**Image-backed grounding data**

★ ★ ★ ★ ★ ★ ★

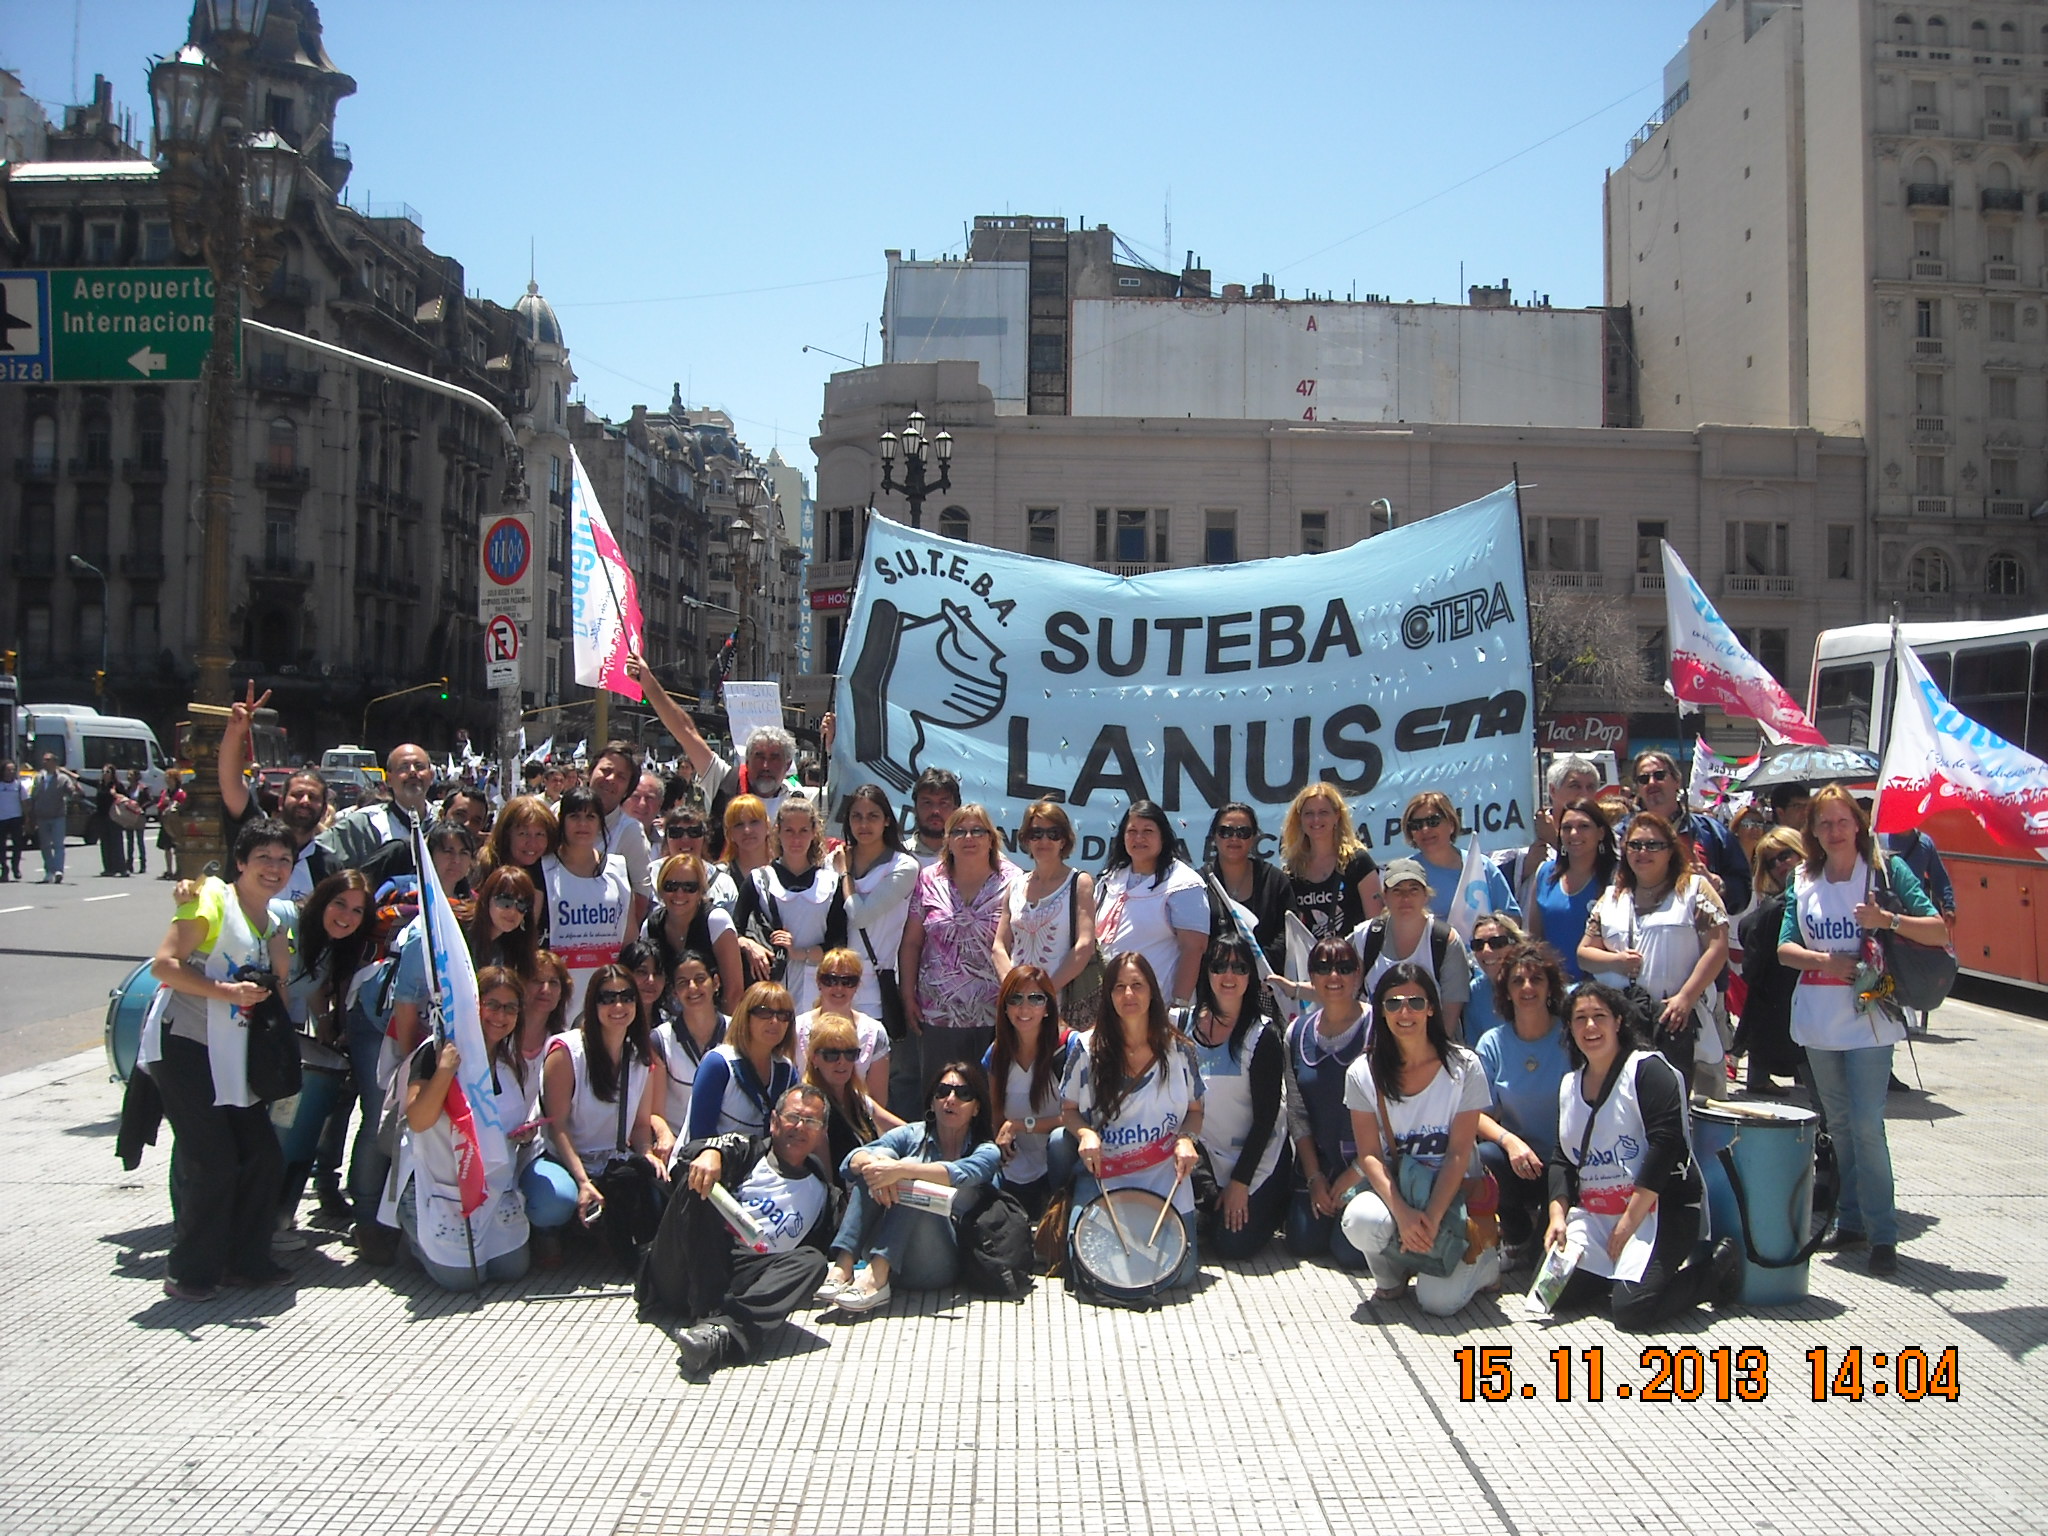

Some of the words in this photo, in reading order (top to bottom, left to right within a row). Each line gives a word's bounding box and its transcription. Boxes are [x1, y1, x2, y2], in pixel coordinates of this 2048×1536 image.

[73, 277, 216, 303] Aeropuerto
[63, 311, 215, 333] Internaciona
[1306, 315, 1317, 331] A
[1296, 380, 1316, 396] 47
[1401, 581, 1516, 650] CTERA
[800, 613, 812, 673] Hotel
[1040, 597, 1363, 678] SUTEBA
[1395, 689, 1527, 752] CTA
[1584, 717, 1624, 751] Pop
[1008, 703, 1383, 812] LANUS
[1384, 799, 1526, 846] PLICA
[558, 900, 616, 926] Suteba
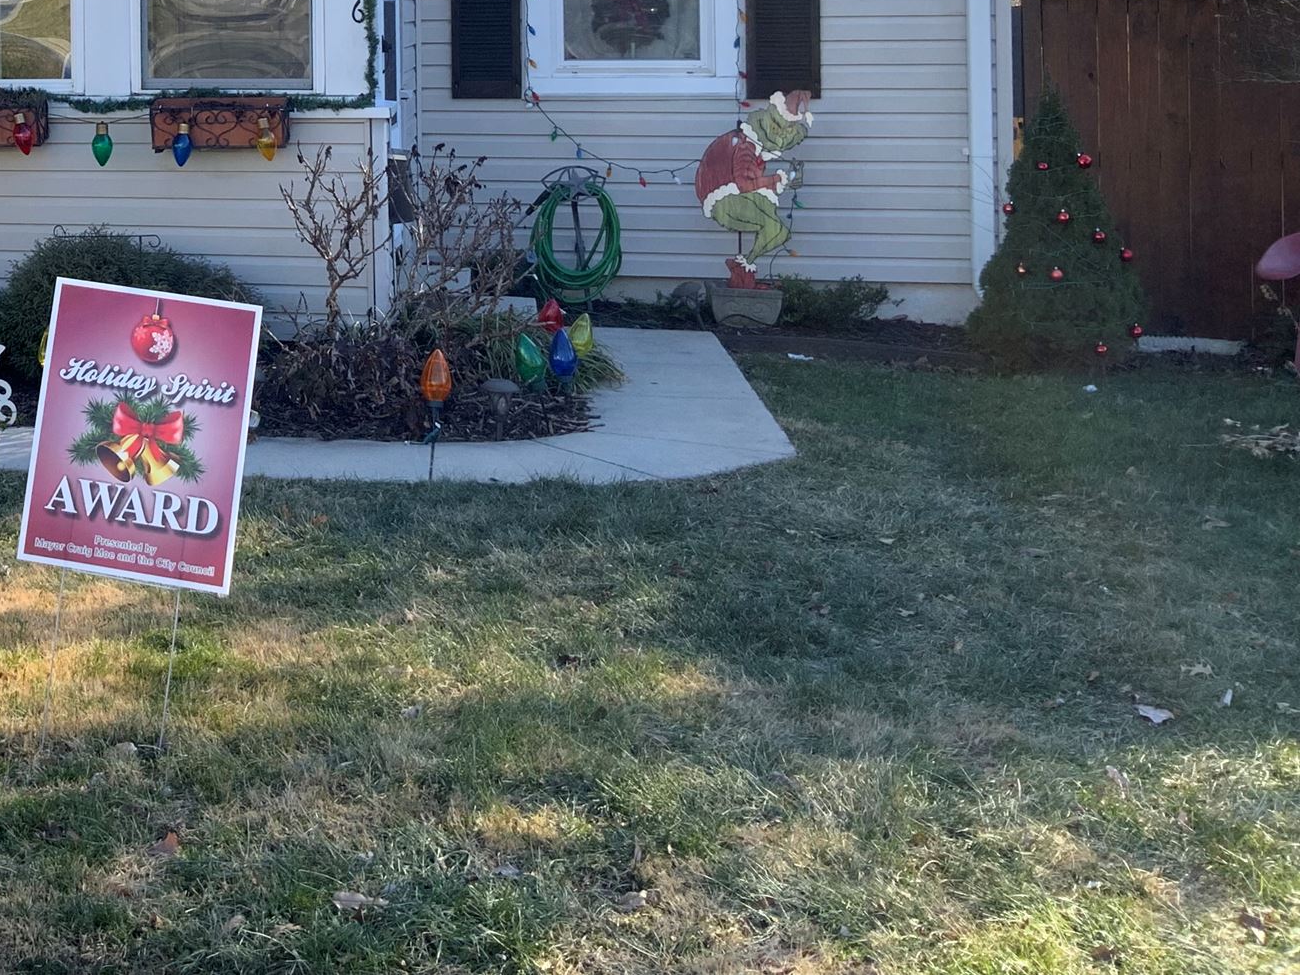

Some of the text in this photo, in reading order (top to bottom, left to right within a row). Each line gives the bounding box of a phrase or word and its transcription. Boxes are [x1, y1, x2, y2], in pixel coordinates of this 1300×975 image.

[59, 358, 236, 403] Holiday Spirit
[44, 475, 219, 534] AWARD
[34, 537, 215, 577] Mayor Craig Moe and the City Council
[93, 535, 157, 556] Presented by
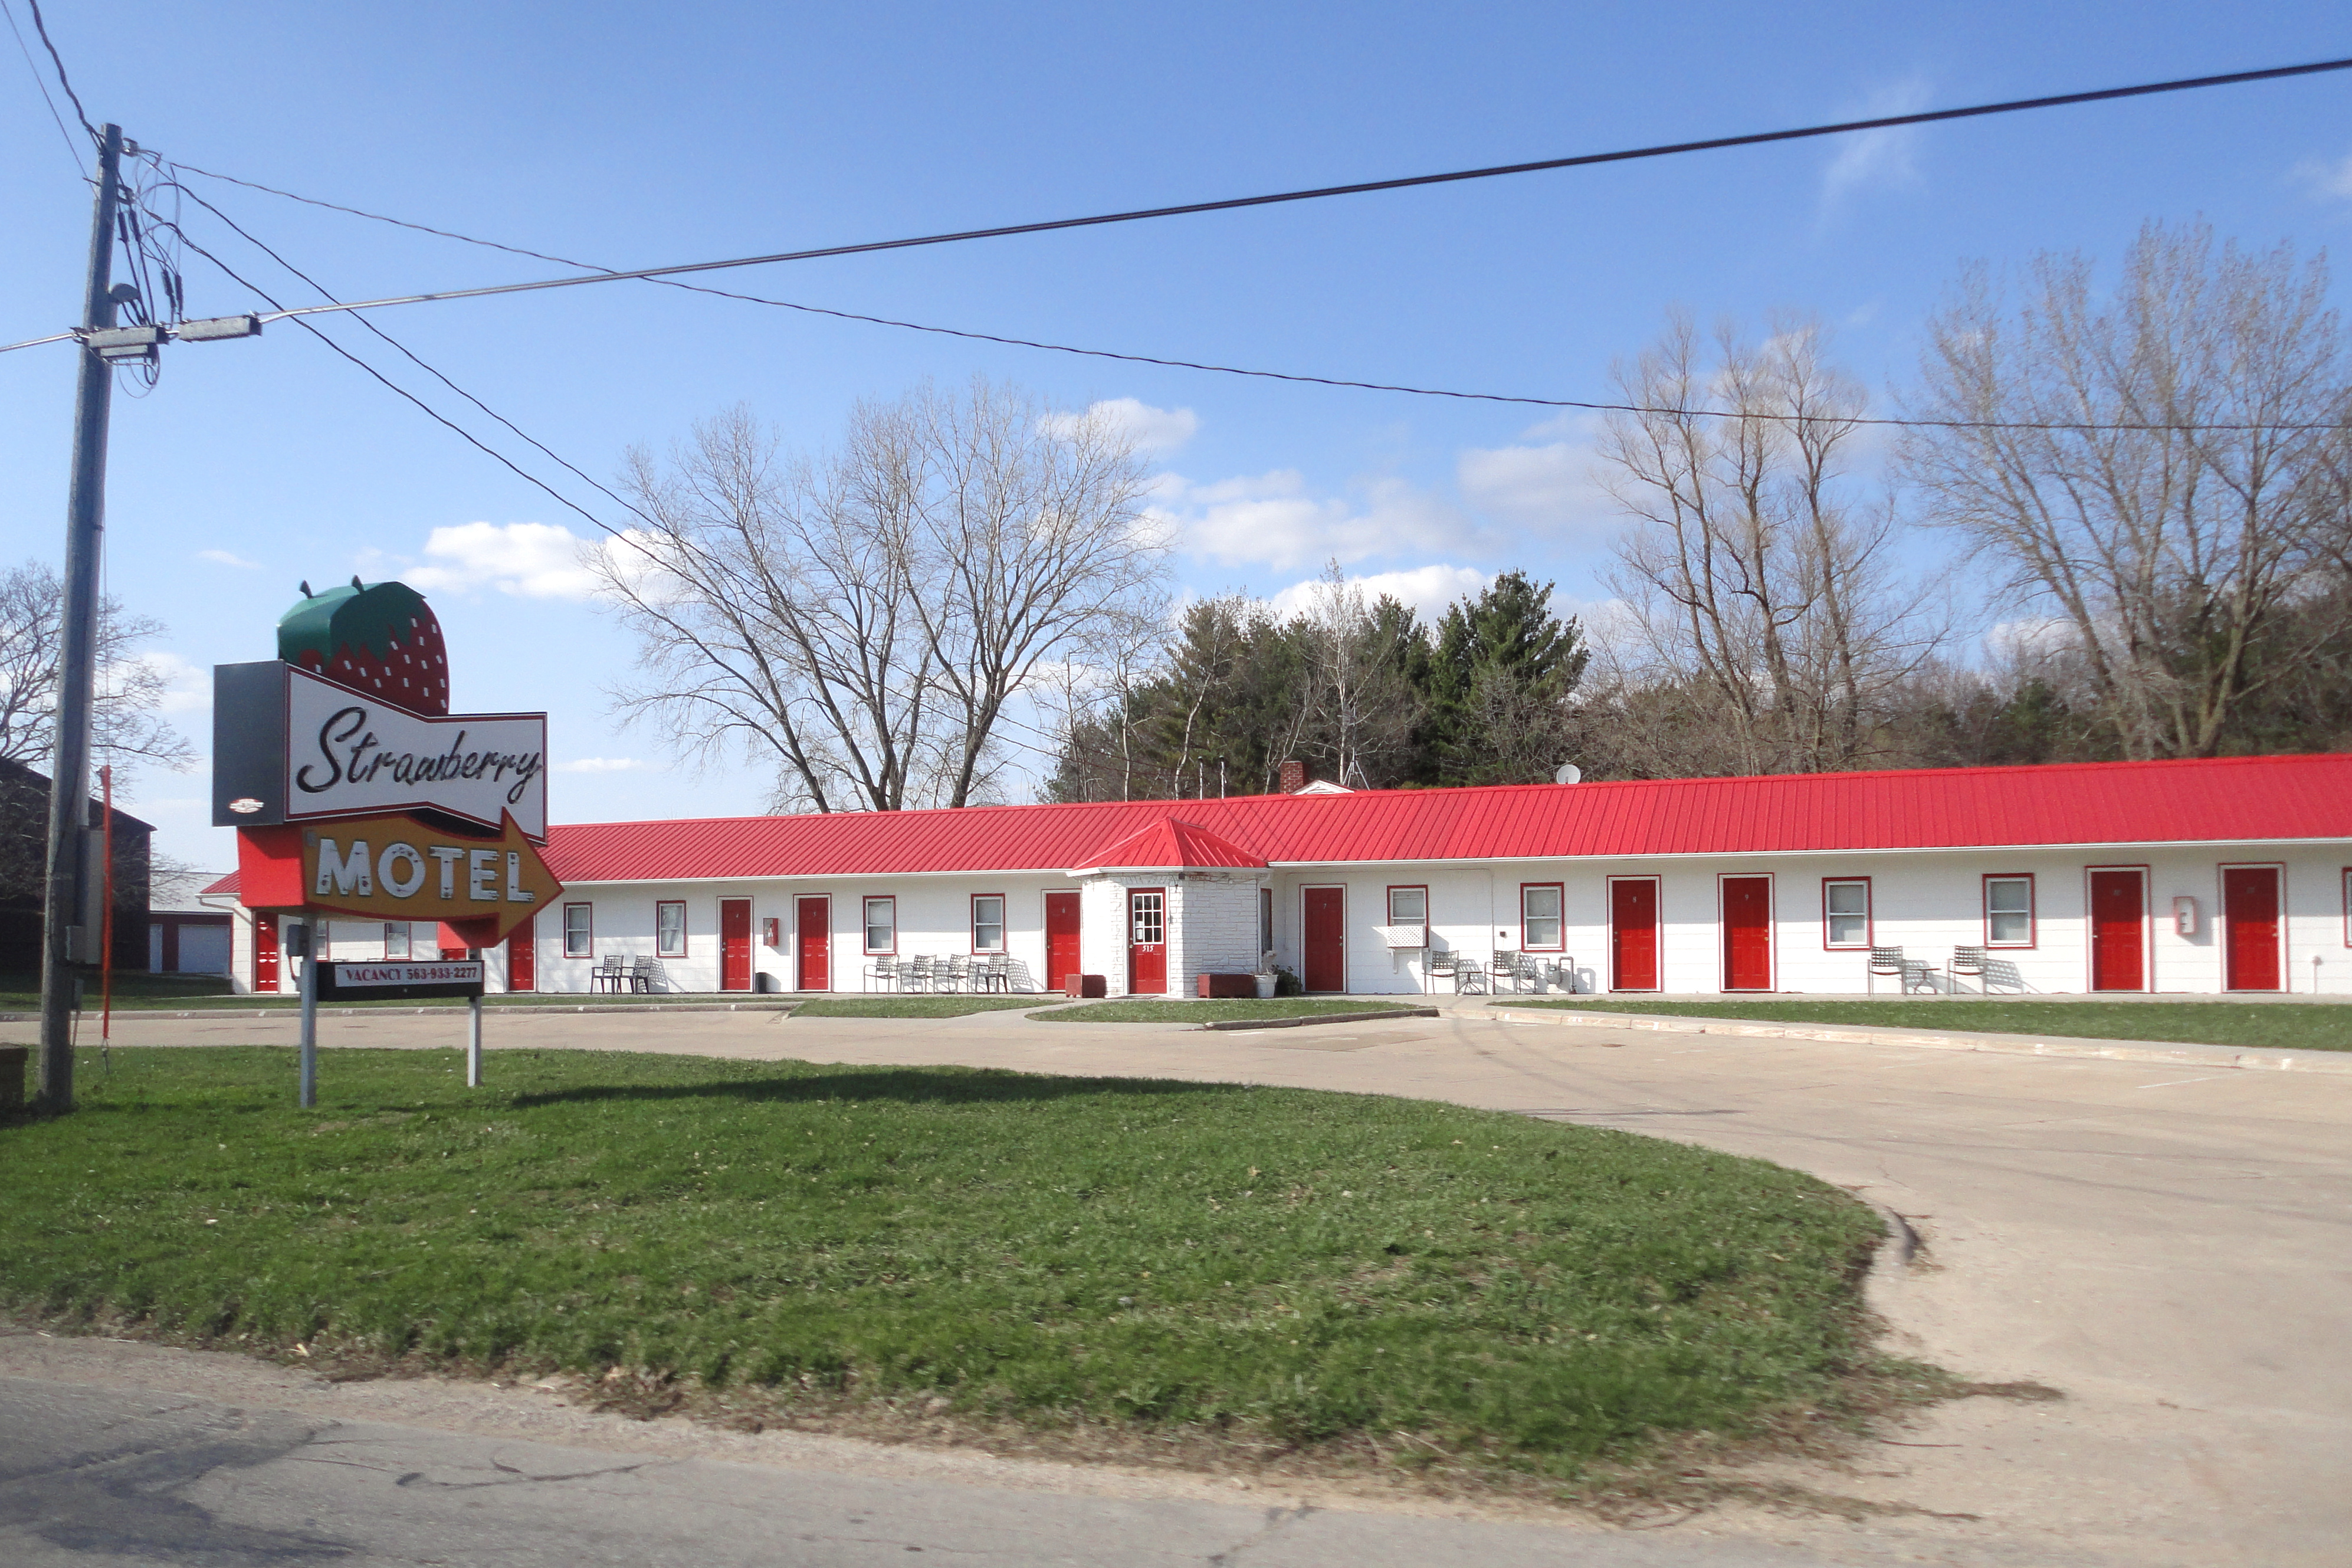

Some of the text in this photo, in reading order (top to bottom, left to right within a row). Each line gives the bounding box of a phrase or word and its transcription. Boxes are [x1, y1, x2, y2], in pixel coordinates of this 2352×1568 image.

★ ★ ★ ★ ★ ★ ★

**Problem**
Copy each entry above exactly; drop the pictures.

**Exercise response**
Some of the words in this photo, in reading order (top to bottom, left to right within a row). Each line gives a word's bounding box and its transcription. Boxes are [x1, y1, x2, y2], in pixel coordinates of this 2048×1536 image.

[73, 277, 216, 303] Aeropuerto
[63, 311, 215, 333] Internaciona
[1306, 315, 1317, 331] A
[1296, 380, 1316, 396] 47
[1401, 581, 1516, 650] CTERA
[800, 613, 812, 673] Hotel
[1040, 597, 1363, 678] SUTEBA
[1395, 689, 1527, 752] CTA
[1584, 717, 1624, 751] Pop
[1008, 703, 1383, 812] LANUS
[1384, 799, 1526, 846] PLICA
[558, 900, 616, 926] Suteba

Some of the text in this photo, in reading order (top to bottom, left to right within a row). Each line gives the bounding box of a phrase or word and its transcription. Boxes are [x1, y1, x2, y2], in pixel coordinates of this 1300×975 image.

[59, 358, 236, 403] Holiday Spirit
[44, 475, 219, 534] AWARD
[34, 537, 215, 577] Mayor Craig Moe and the City Council
[93, 535, 157, 556] Presented by

Some of the text in this photo, in reading order (top to bottom, left to right within a row). Each line gives the bounding box of a phrase or word and its transcription. Boxes are [x1, y1, x2, y2], in pixel coordinates of this 2352×1568 image.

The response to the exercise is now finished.